Added is that #1 and #2 are not the result of an in-house running team like the President and Vice President of the U.S. are. Presidential nominees get to pick a running mate. Hawaii lets the voters pick one and the nominee is stuck with that. Some times it works. Sometimes — not so well.
Jean King was the first female elected to be lieutenant governor and as a very progressive Democrat in a rapidly “progressivizing” Democratic society, she probably saw herself on track to be the next #1.
It was in her blood to speak up for liberalism. She had worked for Harry Bridges of the ILWU, when that union was considered by many in Washington to be one step away from the Communist Party.
In 1950, King campaigned to be a delegate to Hawaii’s constitutional convention. Her platform included equal rights for women, strong individual and minority group rights, and unsegregated school systems.
She lost, went back to school, then made a political comeback by being elected first to the State House and then to the Senate.
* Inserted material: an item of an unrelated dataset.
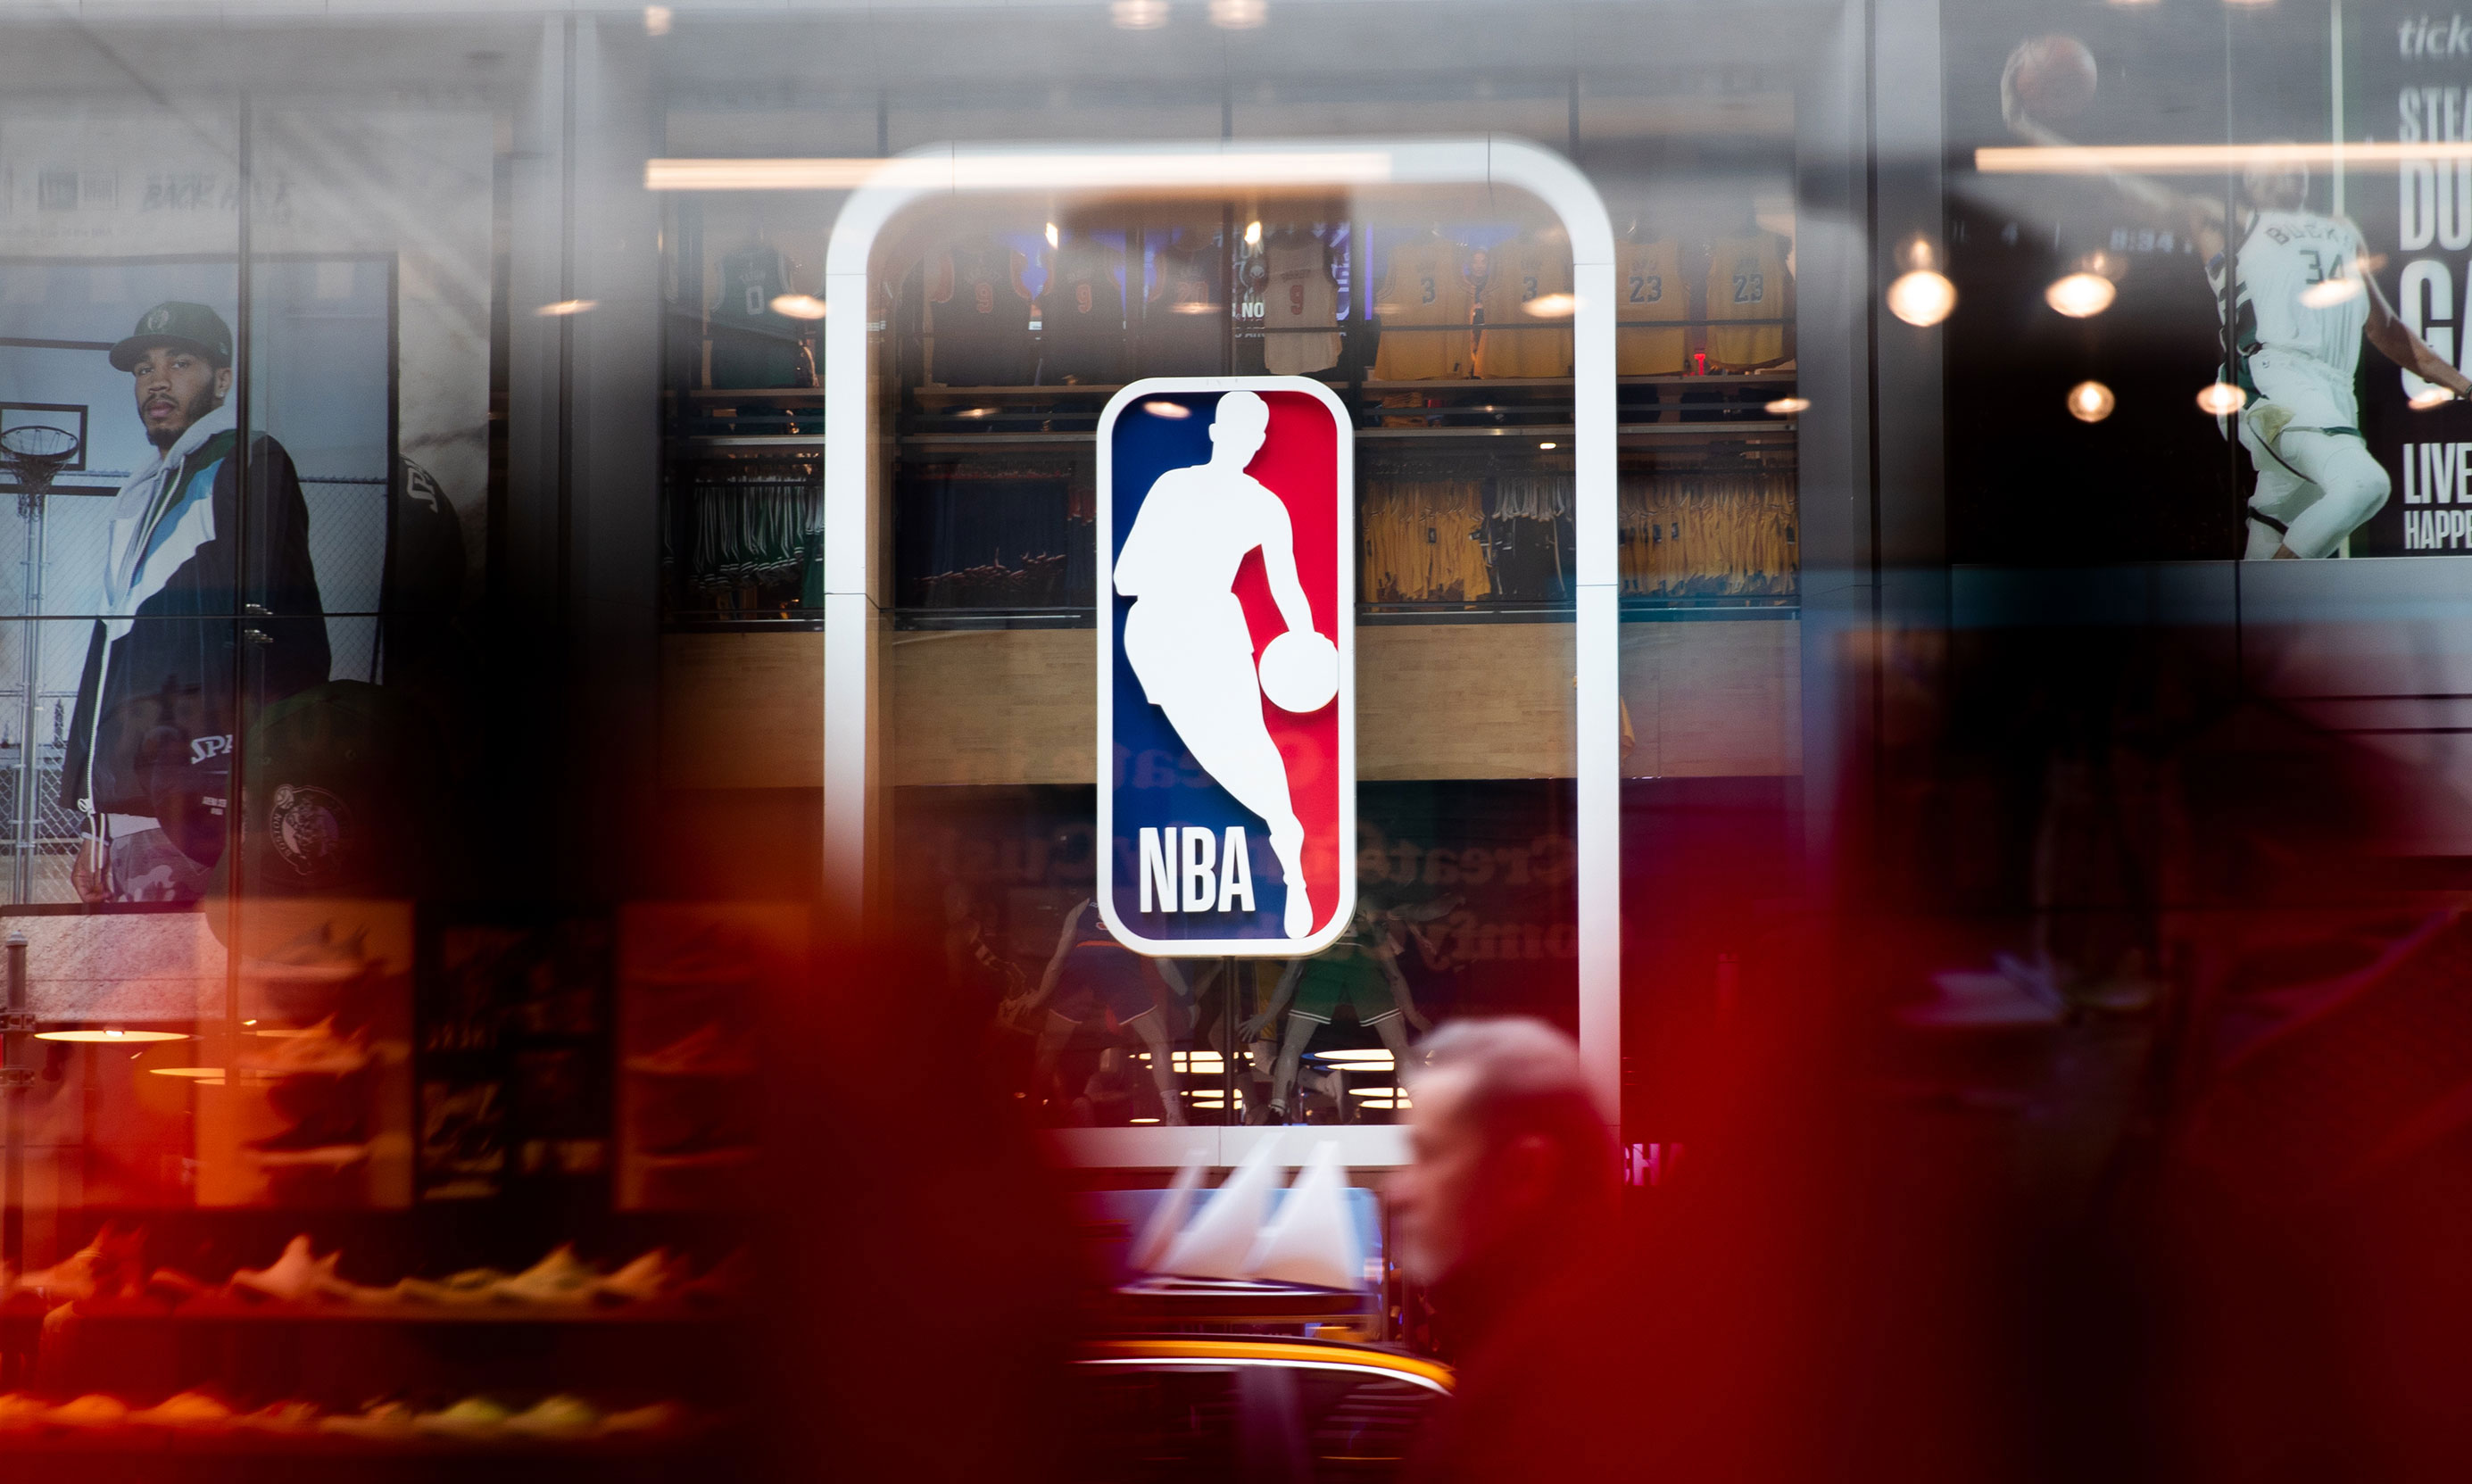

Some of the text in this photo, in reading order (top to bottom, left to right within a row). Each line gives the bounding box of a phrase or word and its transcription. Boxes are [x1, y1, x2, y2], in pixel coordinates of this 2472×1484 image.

When she got to the LG’s office, she found herself surrounded by heavyweight Democrats who had turned more conservative than they’d been in previous years. Ariyoshi wasn’t making all the waves his campaign had led voters to suspect. King became the outspoken champion of the very liberal elements.
She refuted Ariyoshi on environmental issues and affordable housing. She insisted more be done to help the homelessness.
So she ran against Ariyoshi in the next primary — and lost by a lot.
Green would not be running against Ige, who will be termed out in ‘22. But party leaders might have someone else in mind and expect Ige to tamp down Green’s public exposure. Mayor Kirk Caldwell’s already an announced candidate. Colleen Hanabusa is always a possible, although she’s told me she’d be done with future politics if she were elected mayor this year.
We’ll just have to wait and see how this plays out.